Highly sensitive parechovirus CODEHOP PCR amplification of the complete VP1 gene for typing directly from clinical specimens and correct typing based on phylogenetic clustering.

Author information

1 National Institute for Public Health and the Environment (RIVM), Bilthoven, The Netherlands.
2 National Virus Reference Laboratory, University College Dublin (UCD), Belfield, Dublin, Ireland.
3 Erasmus Medical Center (EMC), Rotterdam, The Netherlands.
†Present address: Microvida, Roosendaal, The Netherlands.
4 University Medical Centers Amsterdam-AMC, Amsterdam, The Netherlands.



Human parechoviruses (HPeVs), particularly type 3, can cause severe neurological disease and neonatal sepsis in infants. HPeV3 lacks the receptor-binding motif arginine-glycine aspartic acid (RGD), and is proposed to use a different receptor associated with severe disease. In contrast, HPeV1, which contains the RGD motif, is associated with mild disease. Rapid characterization of the presence/absence of this motif is essential for understanding their epidemiology and differential disease profiles. Current HPeV typing assays are based on partial capsid genes and often do not encompass the C-terminus where the RGD region is localized/absent. In addition, these assays lack sensitivity to enable characterization within low viral-load samples, such as cerebral spinal fluid.

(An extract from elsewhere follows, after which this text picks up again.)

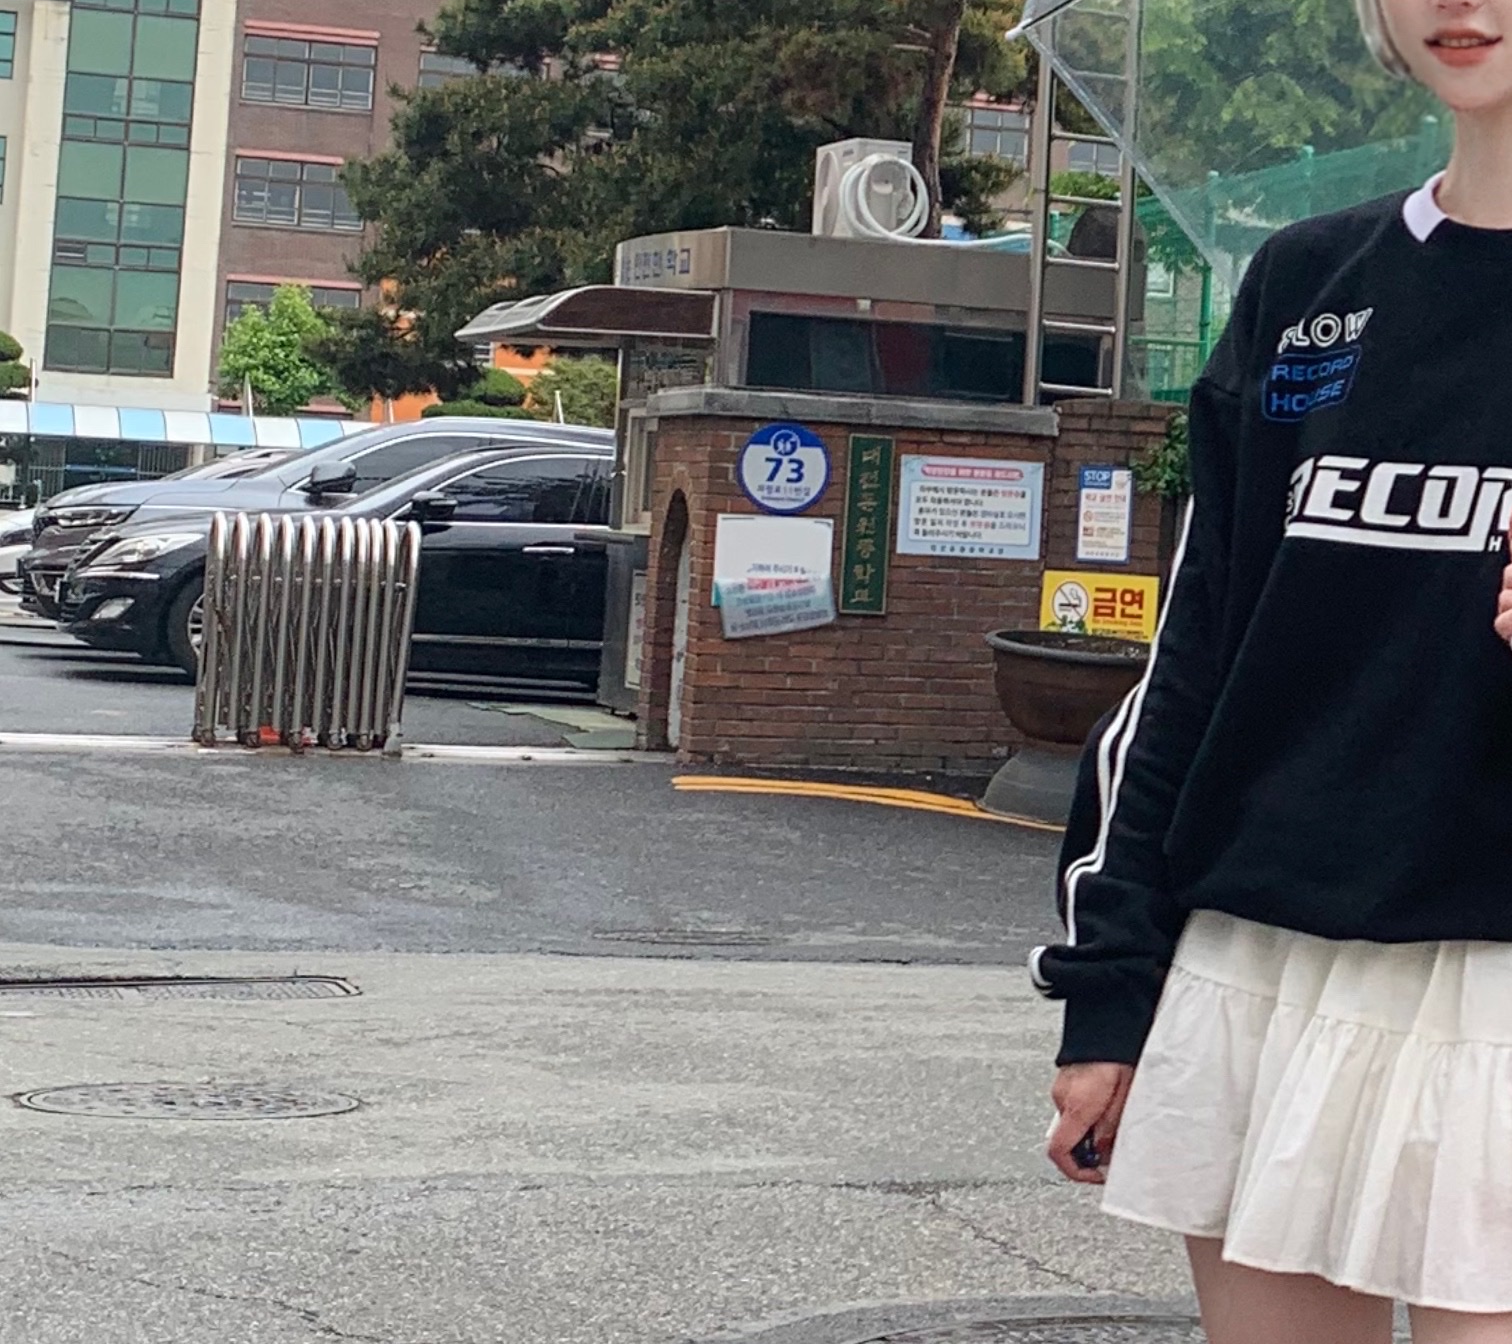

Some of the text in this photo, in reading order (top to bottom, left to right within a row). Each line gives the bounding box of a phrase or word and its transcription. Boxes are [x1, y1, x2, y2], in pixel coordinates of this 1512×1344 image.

[765, 457, 804, 483] 73
[1084, 469, 1111, 482] STOP
[1093, 586, 1145, 618] 금연

We developed a highly sensitive HPeV CODEHOP PCR, which enables typing of parechoviruses directly from clinical samples while generating a complete VP1 gene, including the C-terminus.


The assay was HPeV-specific and has a sensitivity of 6.3 TCID50 ml-1 for HPeV1 and 0.63 TCID50 ml-1 for HPeV3. Analysis of the complete VP1 gene in comparison to partial VP1 fragments generated by previously published PCRs showed homologous clustering for most types. However, phylogenetic analysis of partial VP1 fragments showed incongruent typing based on the 75  % homology classification rule. In particular, the strains designated as type 17 were found to be either type 3 or 4 when using the (near-) complete VP1 fragment.


While enabling sensitive characterization of HPeVs directly from clinical samples, the HPeV CODEHOP PCR enables the characterization of RGD and non-RGD strains and correct HPeV typing based on the complete VP1.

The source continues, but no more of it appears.